Tab. 3 Exemplarische Maßnahmen und ihr Beitrag zu den ökologischen und sozialen Zieldimensionen der Nachhaltigkeit (Schmidt et al. 2009, S. 7

4 Bedeutung für die Wirtschaftsinformatik

In Zukunft wird die Bedeutung ökologischer und sozialer Themen im Informationsmanagement weiter zunehmen. Einerseits soll sich der durch die IT verursachte Anteil an den gesamten CO2-Emissionen bis zum Jahr 2020 auf drei Prozent erhöhen. Andererseits kann die IT durch intelligente Geschäfts- und Produktionsprozesse oder durch Umweltinformationssysteme einen wichtigen Beitrag zur Ressourcenschonung im Unternehmen leisten (Buhl et al. 2009, 54 ff). Diese nach innen und außen gerichteten Perspektiven werden im Konzept des nachhaltigen Informationsmanagements integriert.

Für die Wirtschaftsinformatik bietet sich durch die explizite Berücksichtigung der Anspruchsgruppen, der Nachhaltigkeitsziele und der Ressourcen ein ganzheitlicher Strukturierungsansatz mit einer Vielzahl von Forschungsfragen.
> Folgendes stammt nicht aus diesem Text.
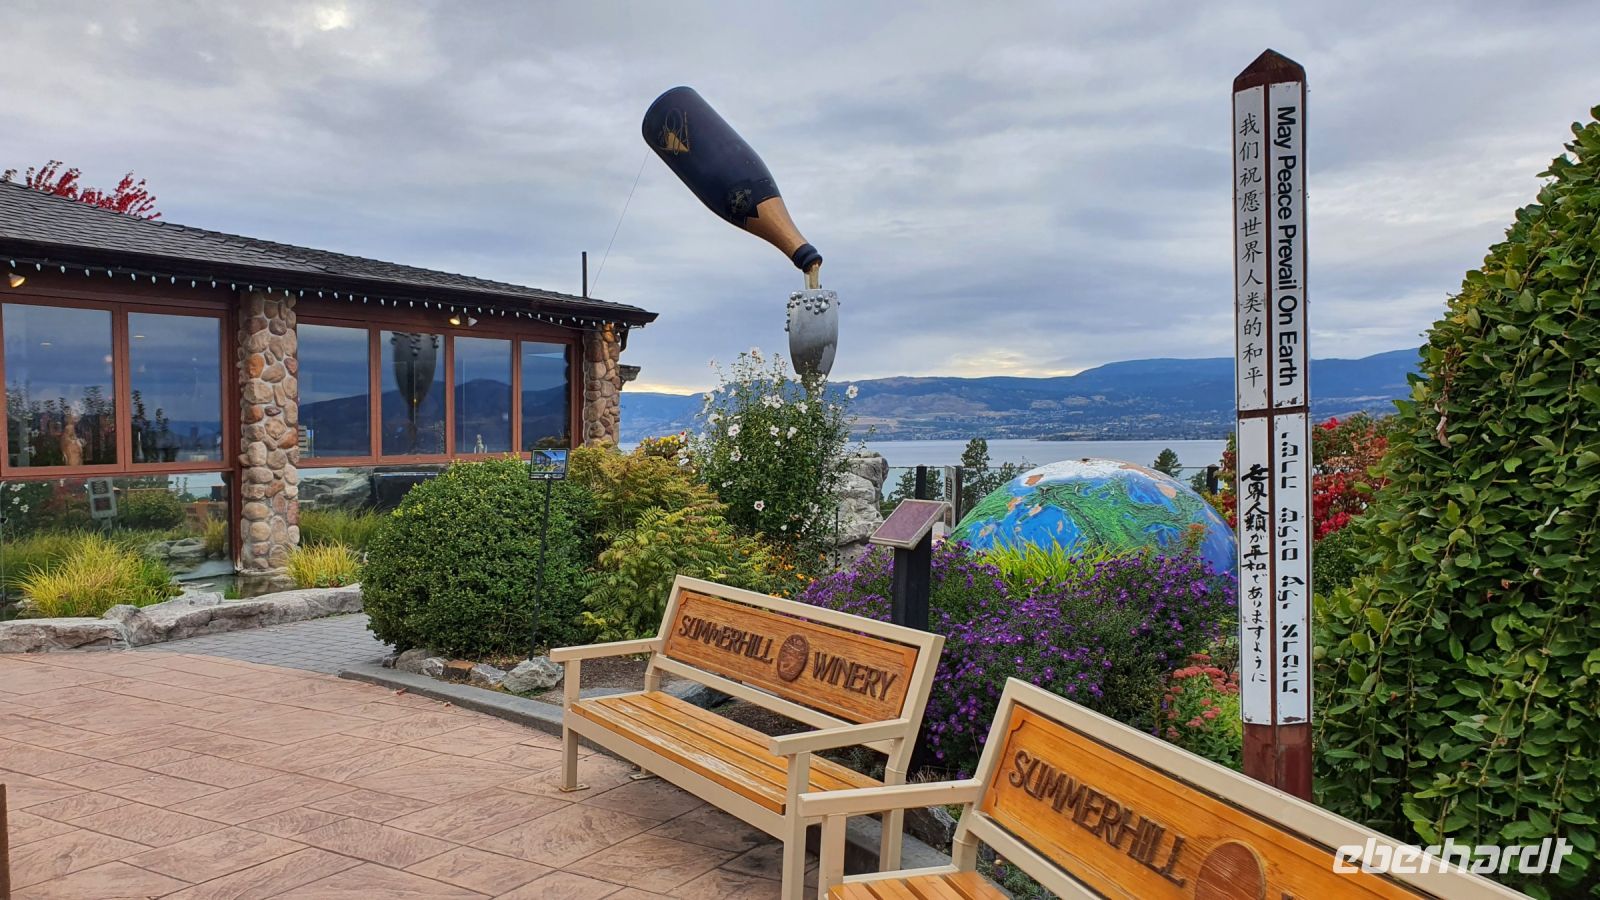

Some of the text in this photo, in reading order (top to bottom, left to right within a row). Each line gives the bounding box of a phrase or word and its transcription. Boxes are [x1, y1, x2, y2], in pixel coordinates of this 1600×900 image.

[1239, 112, 1264, 388] 我们祝愿世界人类的和平
[1273, 106, 1298, 387] May Peace Prevail On Earth
[1241, 463, 1268, 683] 世界人類が平和でありますように
[1277, 507, 1299, 561] שלום
[1277, 575, 1305, 610] עלי
[678, 615, 898, 701] SUMMERHILL WINERY
[1281, 623, 1299, 694] אדמות
[1008, 749, 1188, 888] SUMMERHILL
So stellt sich die Frage, durch welche konkreten Maßnahmen die IT dazu beitragen kann, die spezifischen ökologischen und sozialen Bedürfnisse einzelner externer und interner Gruppen zu befriedigen. In diesem Zusammenhang sind insbesondere die Potentiale und Risiken der zunehmenden Vernetzung zu erkunden und Implikationen für das Informationsmanagement in den Unternehmen abzuleiten.

Entwickelt sich die IT analog zu anderen Branchen, z. B. der Automobilindustrie, dann bleibt zu erwarten, dass Umwelt- und Sozialthemen sowie regulatorische Rahmenbedingungen zukünftig eine größere Rolle spielen werden. So geben in zahlreichen Großunternehmen die Geschäftsbereiche der IT quantitative Nachhaltigkeitsziele vor. Die Ergänzung bestehender Ansätze um eine ökologische und soziale Dimension erscheint daher sinnvoll.

Die Wirtschaftsinformatik kann zukünftig mit einer stärkeren Integration sozialwissenschaftlicher Perspektiven, im Zusammenspiel mit einer Renaissance der Ressourcentheorie, ein breites, gesellschaftlich relevantes Forschungsfeld besetzen und zu dessen systematischer Erforschung einen wichtigen Beitrag leisten.